> Assigned task:
The records that follow are to be copied word for word. Pictures should be omitted.

> Dataset:
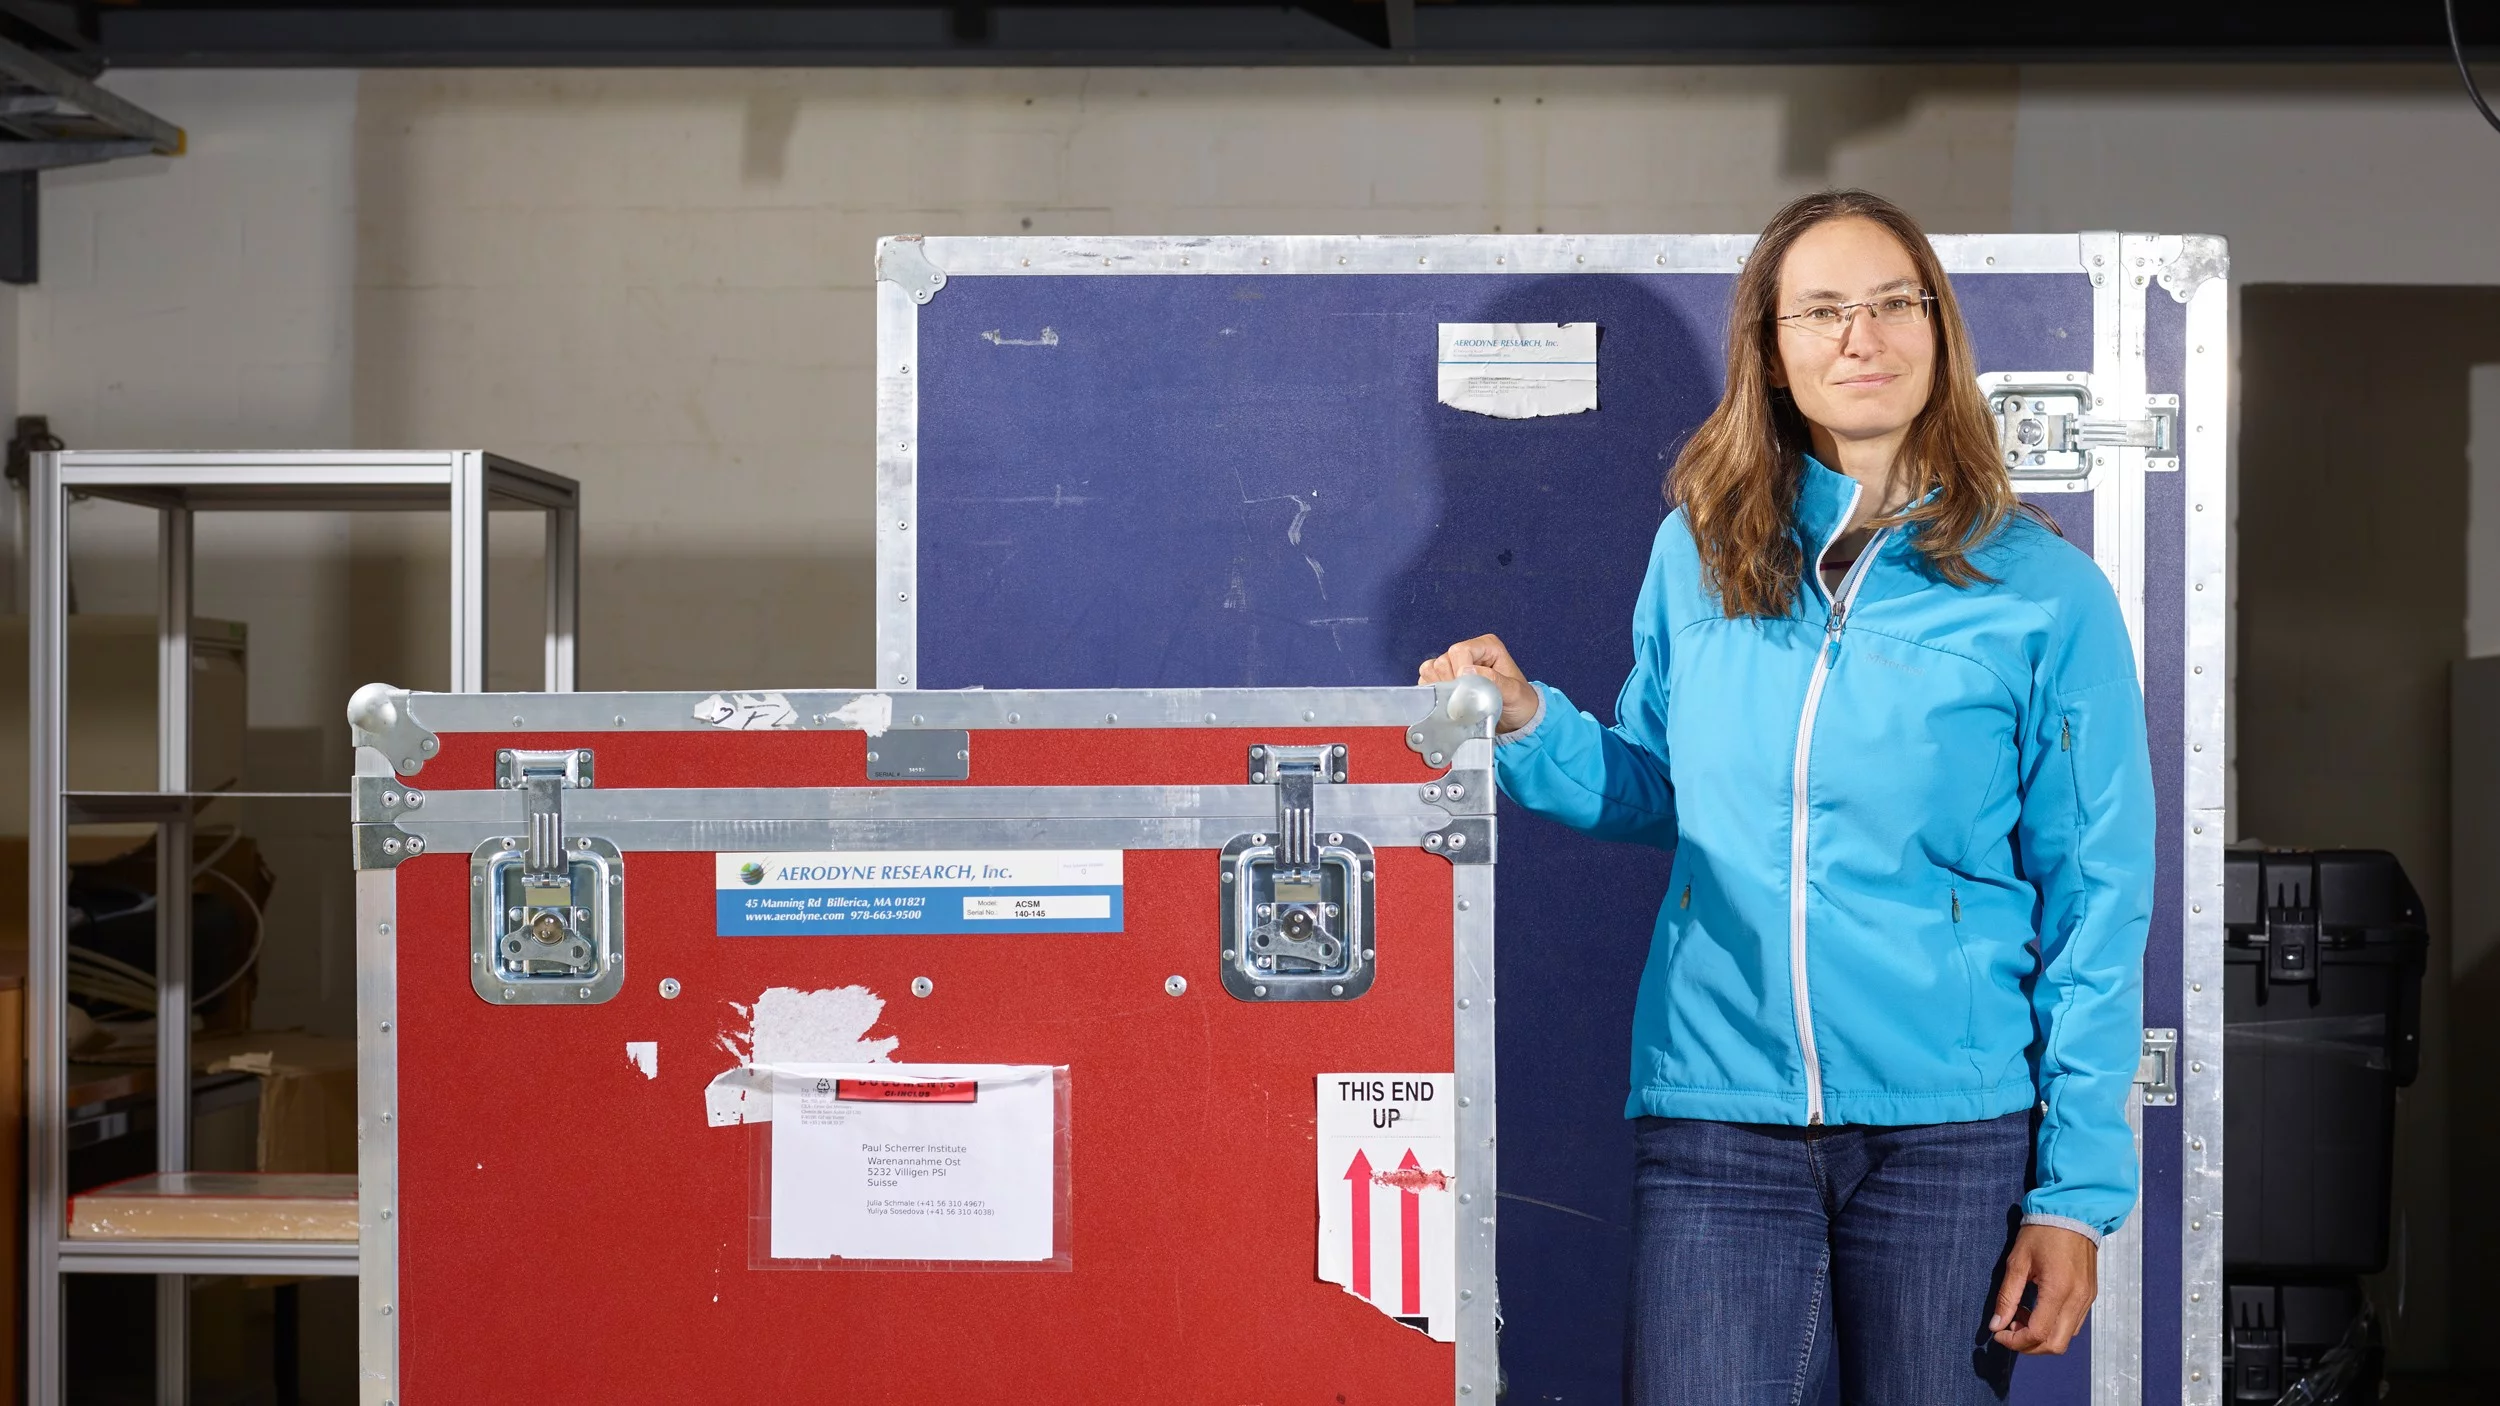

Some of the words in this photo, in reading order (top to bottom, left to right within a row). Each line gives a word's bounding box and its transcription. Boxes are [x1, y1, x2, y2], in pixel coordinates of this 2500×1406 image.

[1454, 339, 1499, 347] AERODYNE
[1500, 339, 1542, 348] RESEARCH,
[1545, 339, 1559, 347] Inc.
[776, 865, 876, 881] AERODYNE
[881, 864, 976, 882] RESEARCH,
[982, 864, 1013, 879] Inc.
[745, 898, 759, 908] 45
[760, 897, 805, 910] Manning
[807, 898, 822, 908] Rd
[826, 897, 871, 909] Billerica,
[873, 897, 892, 907] MA
[894, 896, 926, 907] 01821
[977, 899, 998, 907] Model:
[1015, 900, 1041, 908] ACSM
[745, 910, 845, 922] www.aerodyne.com
[850, 910, 922, 920] 978-663-9500
[1014, 910, 1046, 918] 140-145
[884, 1090, 931, 1098] CI-INCLUS
[1338, 1081, 1385, 1102] THIS
[1391, 1081, 1434, 1102] END
[1372, 1108, 1401, 1129] UP
[862, 1143, 882, 1153] Paul
[884, 1143, 925, 1153] Scherrer
[927, 1144, 967, 1153] Institute
[867, 1157, 943, 1166] Warenannahme
[944, 1157, 961, 1166] Ost
[867, 1168, 892, 1176] 5232
[894, 1168, 929, 1179] Villigen
[932, 1168, 947, 1177] PSI
[867, 1178, 898, 1187] Suisse
[866, 1199, 883, 1208] Julia
[884, 1199, 915, 1207] Schmale
[916, 1199, 934, 1208] (+41
[963, 1200, 985, 1208] 4967)
[867, 1207, 887, 1216] Yuliya
[889, 1207, 924, 1215] Sosedova
[926, 1208, 944, 1216] (+41
[946, 1208, 956, 1216] 56
[958, 1208, 972, 1216] 310
[974, 1208, 995, 1217] 4038)

> Problem solution:
Some of the words in this photo, in reading order (top to bottom, left to right within a row). Each line gives a word's bounding box and its transcription. Boxes are [x1, y1, x2, y2], in pixel coordinates of this 2500×1406 image.

[1454, 339, 1499, 347] AERODYNE
[1500, 339, 1542, 348] RESEARCH,
[1545, 339, 1559, 347] Inc.
[776, 865, 876, 881] AERODYNE
[881, 864, 976, 882] RESEARCH,
[982, 864, 1013, 879] Inc.
[745, 898, 759, 908] 45
[760, 897, 805, 910] Manning
[807, 898, 822, 908] Rd
[826, 897, 871, 909] Billerica,
[873, 897, 892, 907] MA
[894, 896, 926, 907] 01821
[977, 899, 998, 907] Model:
[1015, 900, 1041, 908] ACSM
[745, 910, 845, 922] www.aerodyne.com
[850, 910, 922, 920] 978-663-9500
[1014, 910, 1046, 918] 140-145
[884, 1090, 931, 1098] CI-INCLUS
[1338, 1081, 1385, 1102] THIS
[1391, 1081, 1434, 1102] END
[1372, 1108, 1401, 1129] UP
[862, 1143, 882, 1153] Paul
[884, 1143, 925, 1153] Scherrer
[927, 1144, 967, 1153] Institute
[867, 1157, 943, 1166] Warenannahme
[944, 1157, 961, 1166] Ost
[867, 1168, 892, 1176] 5232
[894, 1168, 929, 1179] Villigen
[932, 1168, 947, 1177] PSI
[867, 1178, 898, 1187] Suisse
[866, 1199, 883, 1208] Julia
[884, 1199, 915, 1207] Schmale
[916, 1199, 934, 1208] (+41
[963, 1200, 985, 1208] 4967)
[867, 1207, 887, 1216] Yuliya
[889, 1207, 924, 1215] Sosedova
[926, 1208, 944, 1216] (+41
[946, 1208, 956, 1216] 56
[958, 1208, 972, 1216] 310
[974, 1208, 995, 1217] 4038)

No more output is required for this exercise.